**Problem details**
Every line below is to be set down again exactly; any image stays out.

[Images for object localization]
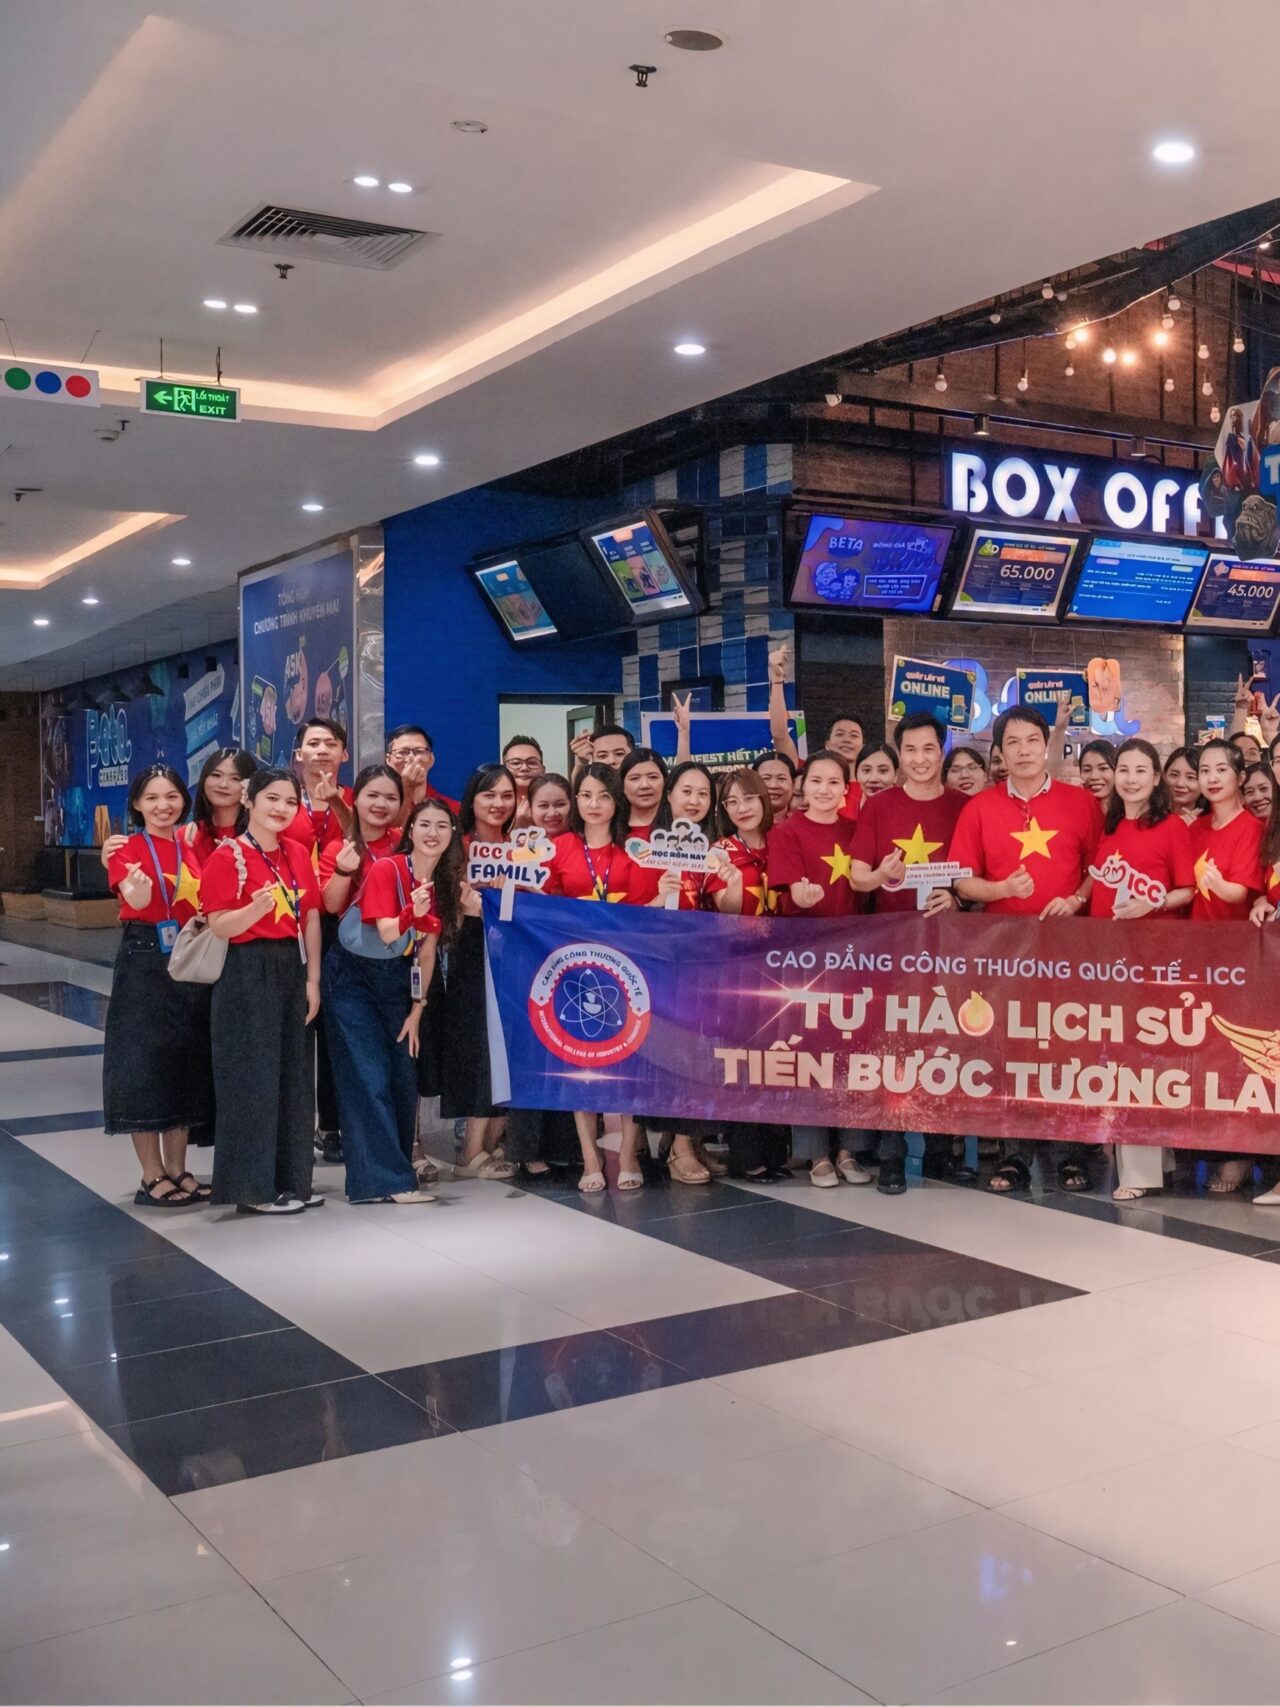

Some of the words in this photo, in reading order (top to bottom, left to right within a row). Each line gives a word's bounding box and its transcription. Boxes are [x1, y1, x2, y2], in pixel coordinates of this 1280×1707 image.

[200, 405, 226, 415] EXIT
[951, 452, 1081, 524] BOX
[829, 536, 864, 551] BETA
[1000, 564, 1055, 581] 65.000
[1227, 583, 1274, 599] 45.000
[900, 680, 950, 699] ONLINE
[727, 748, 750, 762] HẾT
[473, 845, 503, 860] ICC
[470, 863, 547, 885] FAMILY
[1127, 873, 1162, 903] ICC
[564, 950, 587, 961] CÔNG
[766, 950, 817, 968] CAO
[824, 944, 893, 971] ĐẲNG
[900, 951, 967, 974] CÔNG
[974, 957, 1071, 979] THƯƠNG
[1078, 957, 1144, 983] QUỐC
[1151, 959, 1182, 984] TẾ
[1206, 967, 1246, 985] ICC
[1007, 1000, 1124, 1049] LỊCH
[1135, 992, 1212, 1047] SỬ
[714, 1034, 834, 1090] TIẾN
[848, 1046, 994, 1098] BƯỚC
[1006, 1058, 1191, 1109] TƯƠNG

**Response to the exercise**
Some of the words in this photo, in reading order (top to bottom, left to right within a row). Each line gives a word's bounding box and its transcription. Boxes are [x1, y1, x2, y2], in pixel coordinates of this 1280×1707 image.

[200, 405, 226, 415] EXIT
[951, 452, 1081, 524] BOX
[829, 536, 864, 551] BETA
[1000, 564, 1055, 581] 65.000
[1227, 583, 1274, 599] 45.000
[900, 680, 950, 699] ONLINE
[727, 748, 750, 762] HẾT
[473, 845, 503, 860] ICC
[470, 863, 547, 885] FAMILY
[1127, 873, 1162, 903] ICC
[564, 950, 587, 961] CÔNG
[766, 950, 817, 968] CAO
[824, 944, 893, 971] ĐẲNG
[900, 951, 967, 974] CÔNG
[974, 957, 1071, 979] THƯƠNG
[1078, 957, 1144, 983] QUỐC
[1151, 959, 1182, 984] TẾ
[1206, 967, 1246, 985] ICC
[1007, 1000, 1124, 1049] LỊCH
[1135, 992, 1212, 1047] SỬ
[714, 1034, 834, 1090] TIẾN
[848, 1046, 994, 1098] BƯỚC
[1006, 1058, 1191, 1109] TƯƠNG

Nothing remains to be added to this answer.